→ **EXERCISE PROMPT**
What follows is a set of records; repeat them exactly, without the pictures.

Stored records
....................

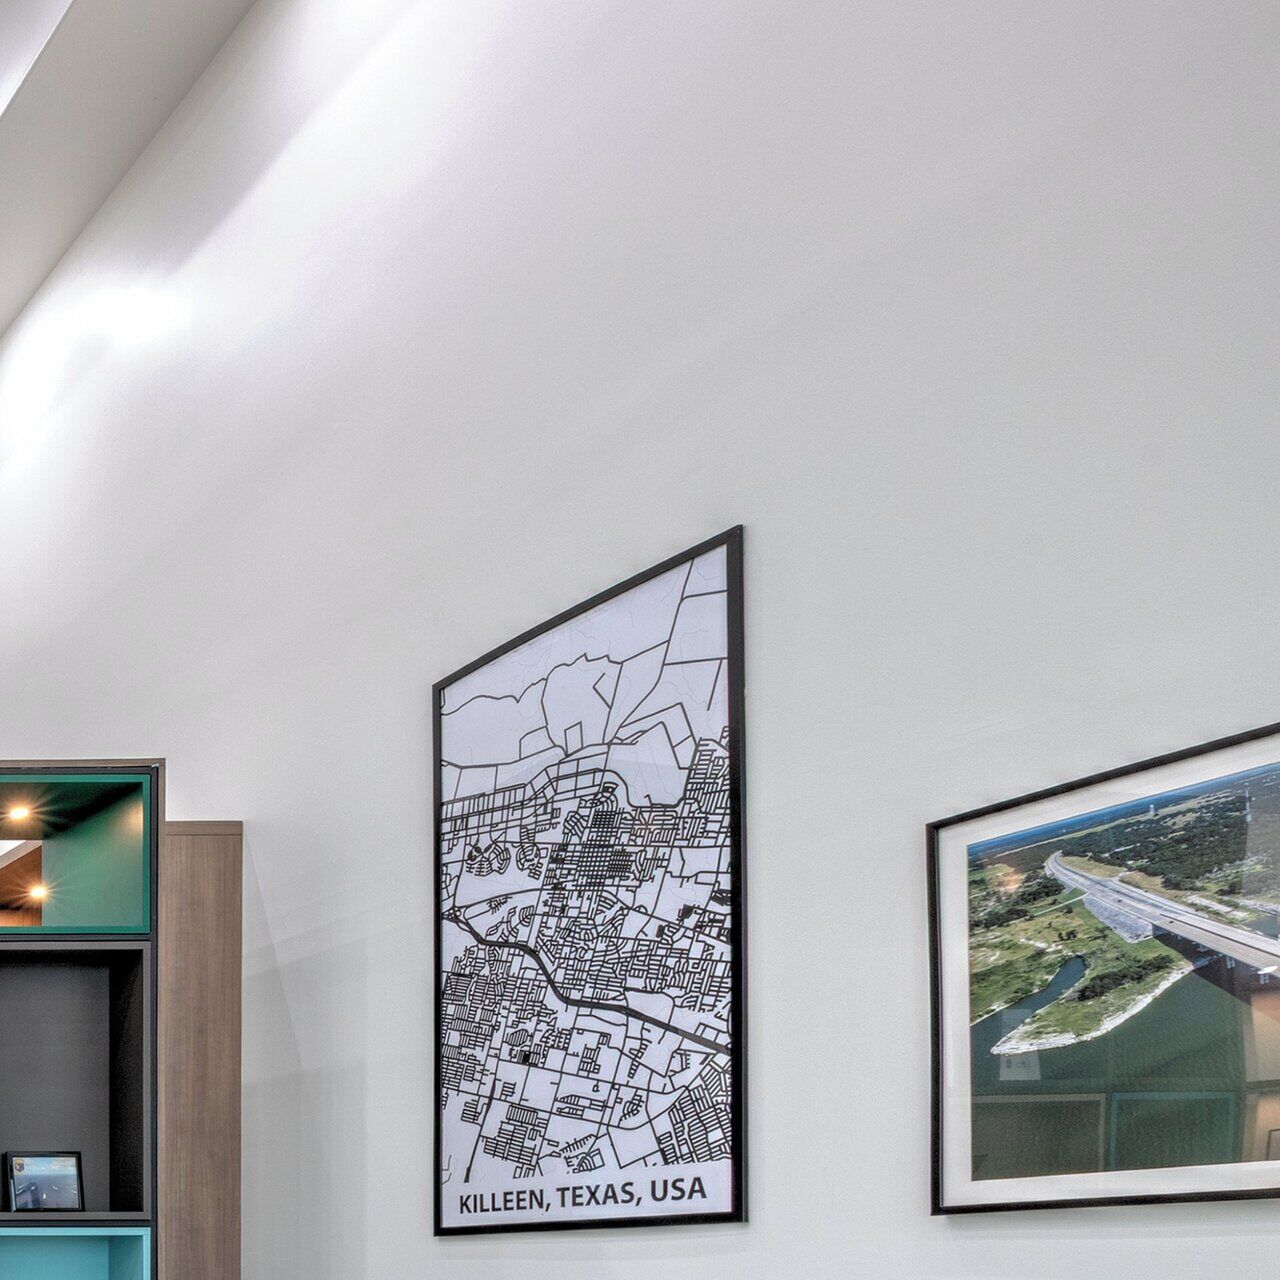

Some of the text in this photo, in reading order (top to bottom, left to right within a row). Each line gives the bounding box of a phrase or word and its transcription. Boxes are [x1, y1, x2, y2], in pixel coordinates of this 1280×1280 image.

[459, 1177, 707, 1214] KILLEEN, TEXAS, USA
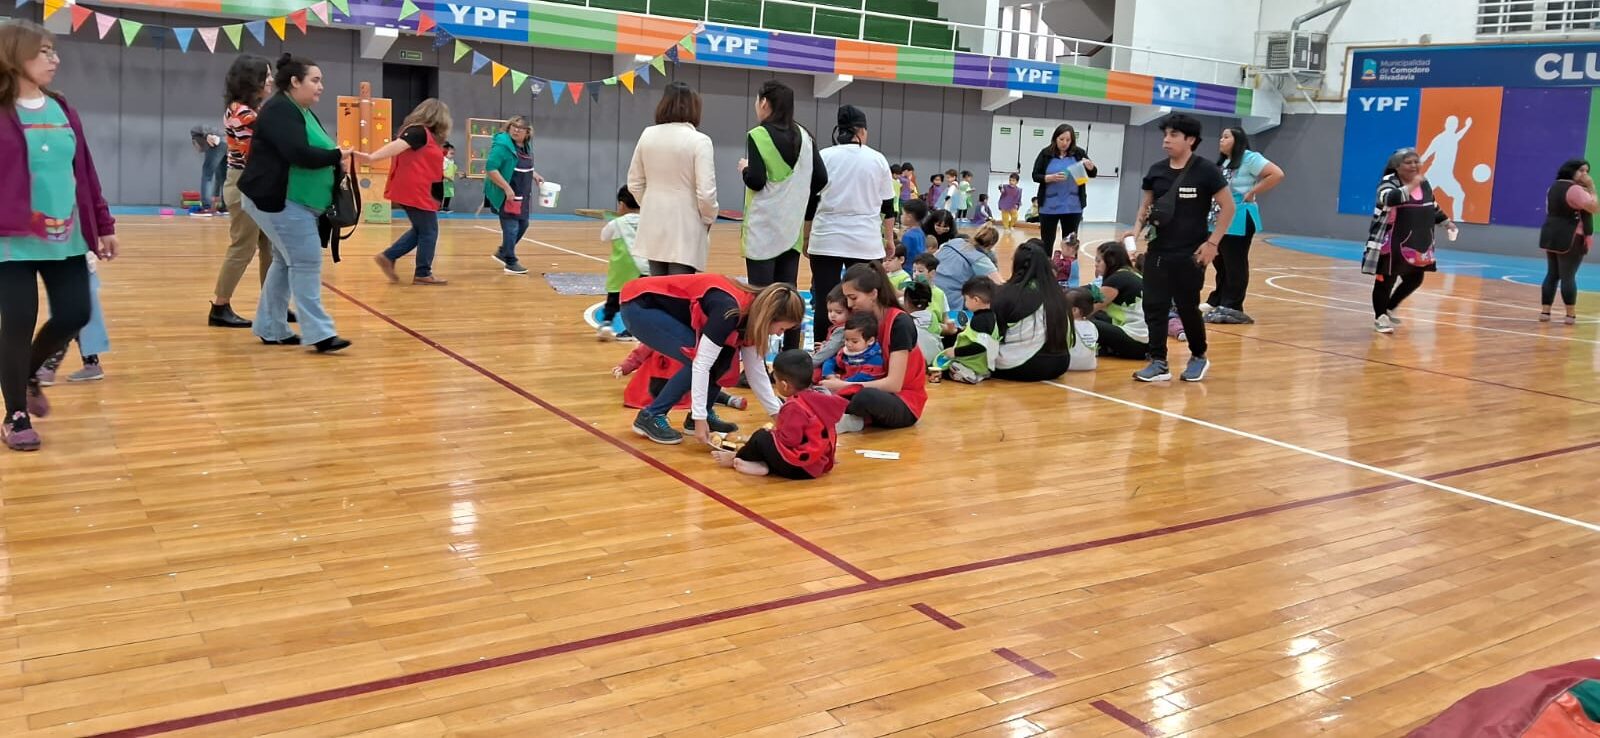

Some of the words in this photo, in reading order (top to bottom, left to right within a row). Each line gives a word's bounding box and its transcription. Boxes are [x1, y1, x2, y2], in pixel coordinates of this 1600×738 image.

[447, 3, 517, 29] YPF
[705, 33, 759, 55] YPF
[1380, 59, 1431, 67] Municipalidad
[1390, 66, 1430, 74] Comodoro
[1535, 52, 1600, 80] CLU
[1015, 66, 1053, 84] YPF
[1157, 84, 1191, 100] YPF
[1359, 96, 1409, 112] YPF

....................

→ **FINAL ANSWER**
Some of the text in this photo, in reading order (top to bottom, left to right within a row). Each line gives the bounding box of a phrase or word and its transcription. Boxes are [x1, y1, x2, y2], in pixel coordinates of this 1280×1280 image.

[459, 1177, 707, 1214] KILLEEN, TEXAS, USA

Some of the words in this photo, in reading order (top to bottom, left to right within a row). Each line gives a word's bounding box and its transcription. Boxes are [x1, y1, x2, y2], in pixel coordinates of this 1600×738 image.

[447, 3, 517, 29] YPF
[705, 33, 759, 55] YPF
[1380, 59, 1431, 67] Municipalidad
[1390, 66, 1430, 74] Comodoro
[1535, 52, 1600, 80] CLU
[1015, 66, 1053, 84] YPF
[1157, 84, 1191, 100] YPF
[1359, 96, 1409, 112] YPF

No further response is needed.